Material for this task.
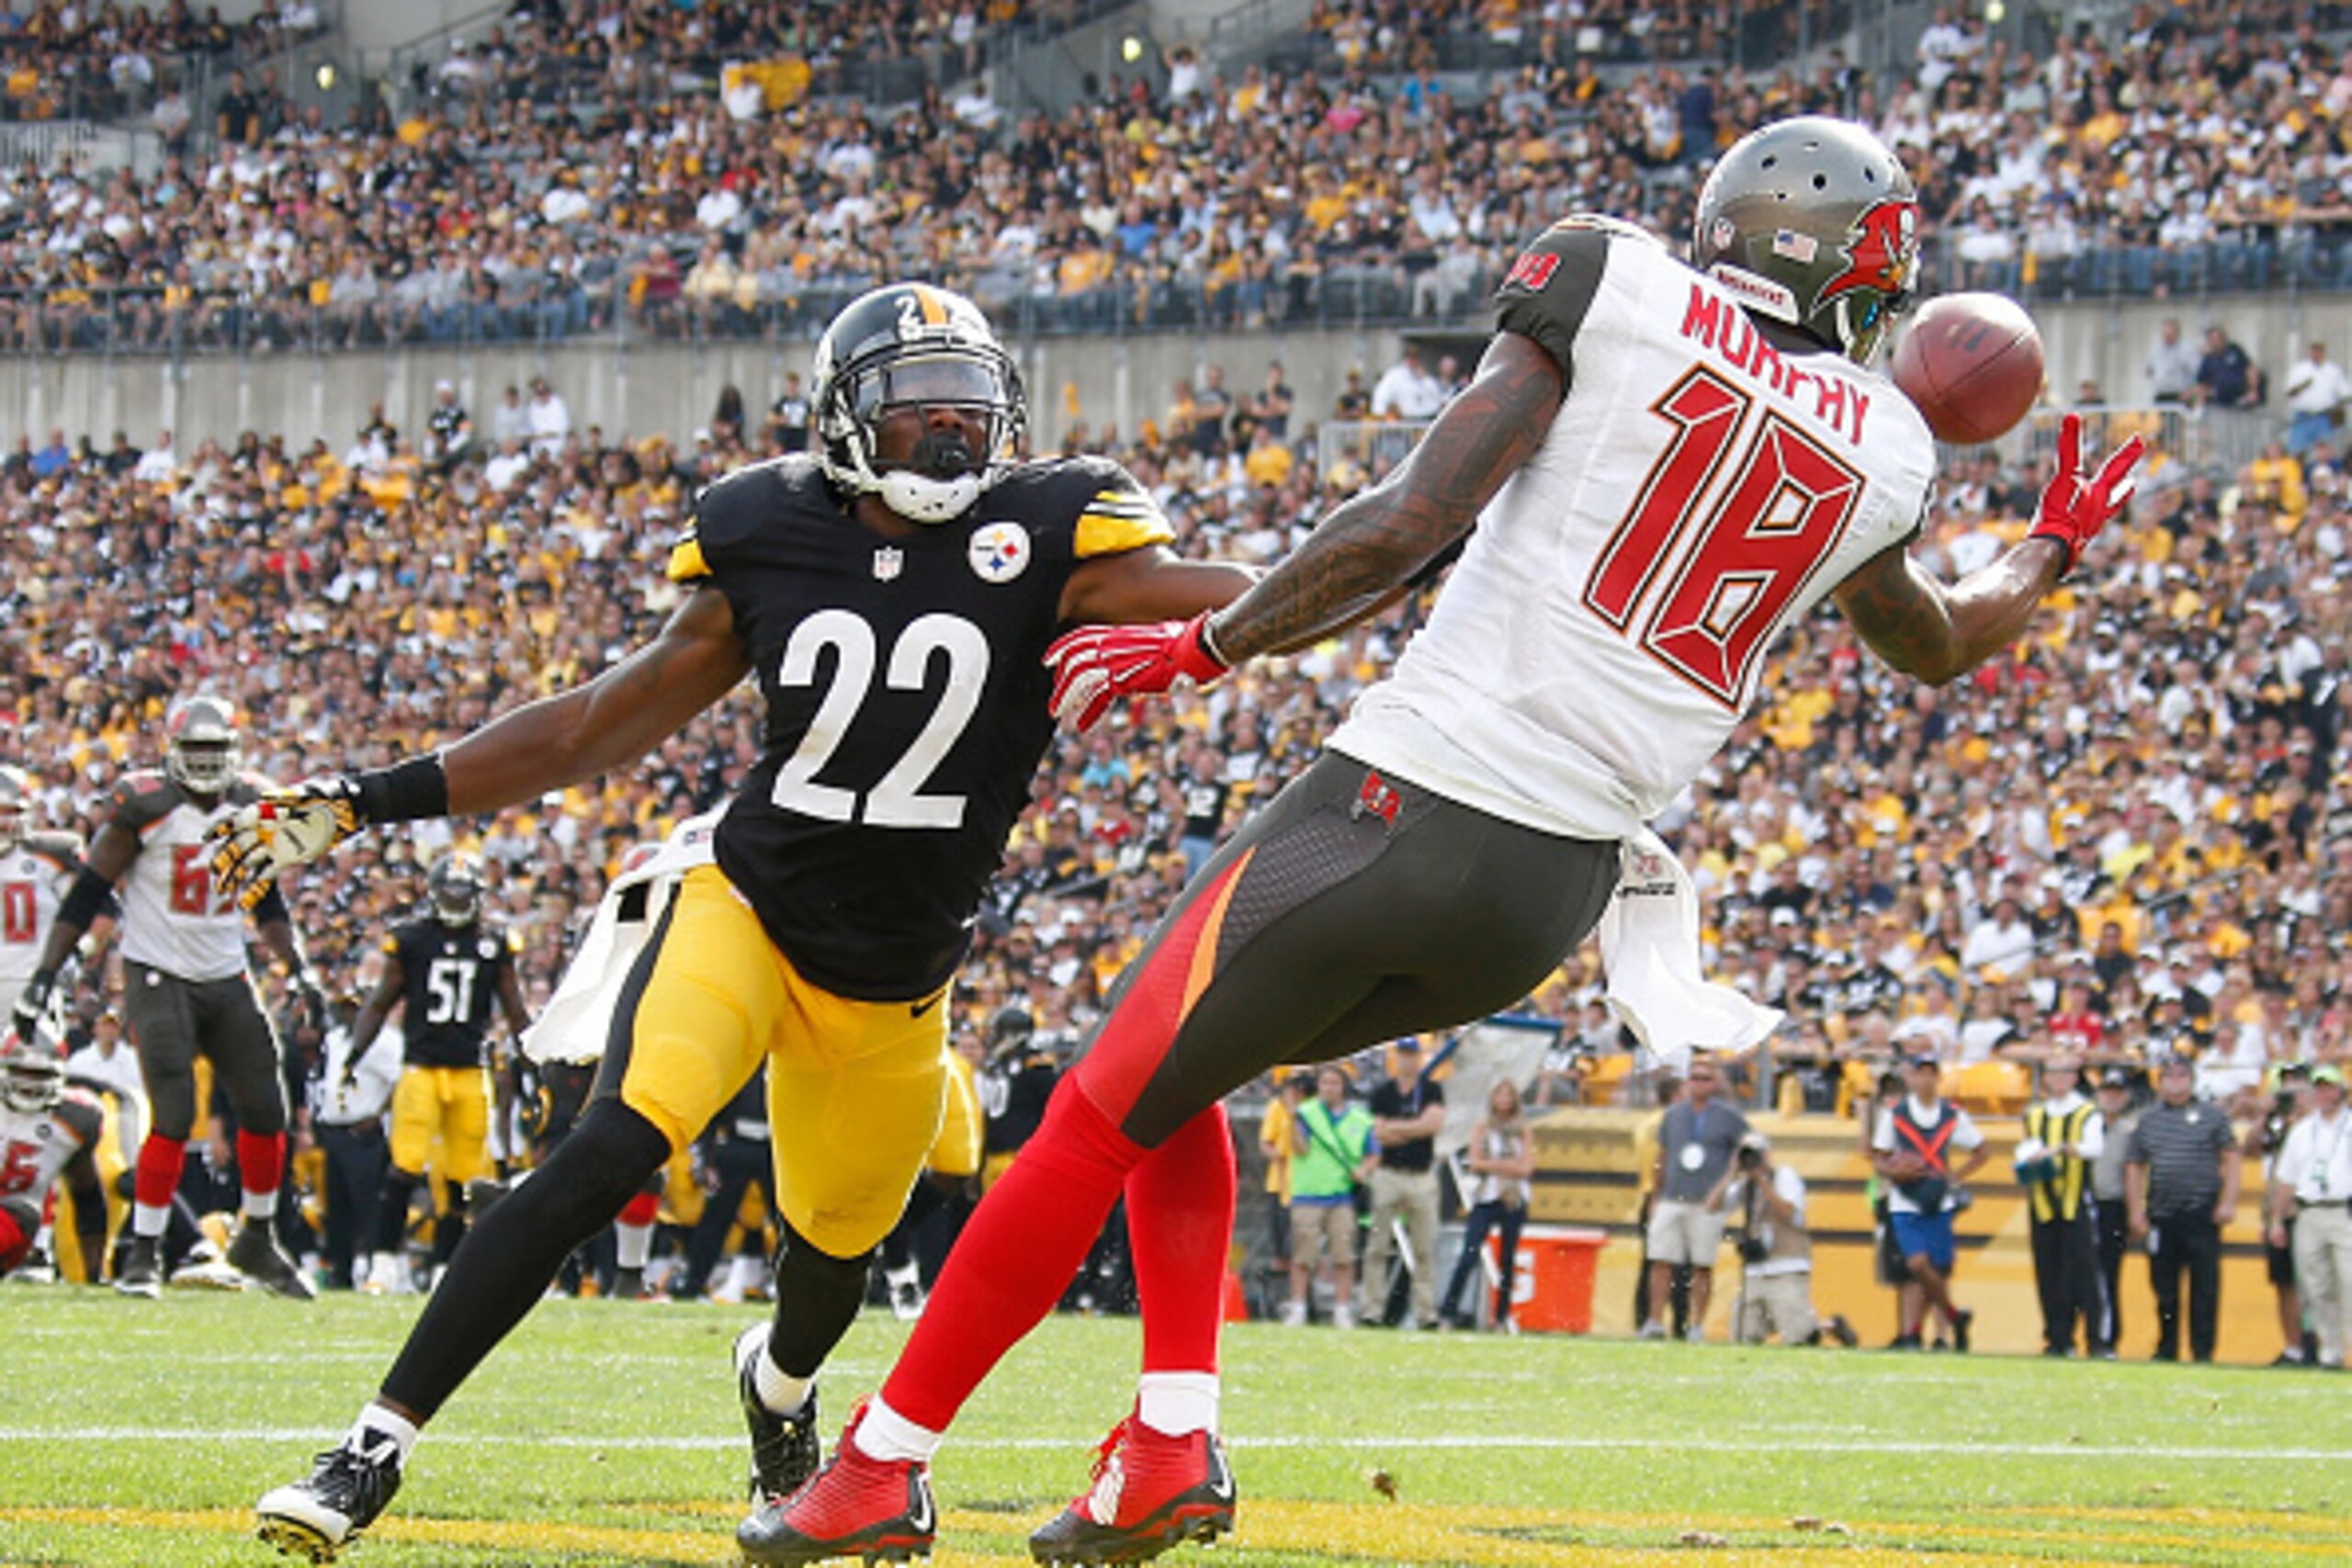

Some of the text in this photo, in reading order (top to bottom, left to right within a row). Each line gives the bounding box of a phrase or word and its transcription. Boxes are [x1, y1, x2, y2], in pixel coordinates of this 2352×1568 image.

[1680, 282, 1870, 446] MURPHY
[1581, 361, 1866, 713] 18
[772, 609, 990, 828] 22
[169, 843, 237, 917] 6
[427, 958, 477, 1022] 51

Task item. Everything in the material above should be reproduced exactly, except the pictures.

Task answer.
Some of the text in this photo, in reading order (top to bottom, left to right within a row). Each line gives the bounding box of a phrase or word and its transcription. Boxes are [x1, y1, x2, y2], in pixel coordinates of this 2352×1568 image.

[1680, 282, 1870, 446] MURPHY
[1581, 361, 1866, 713] 18
[772, 609, 990, 828] 22
[169, 843, 237, 917] 6
[427, 958, 477, 1022] 51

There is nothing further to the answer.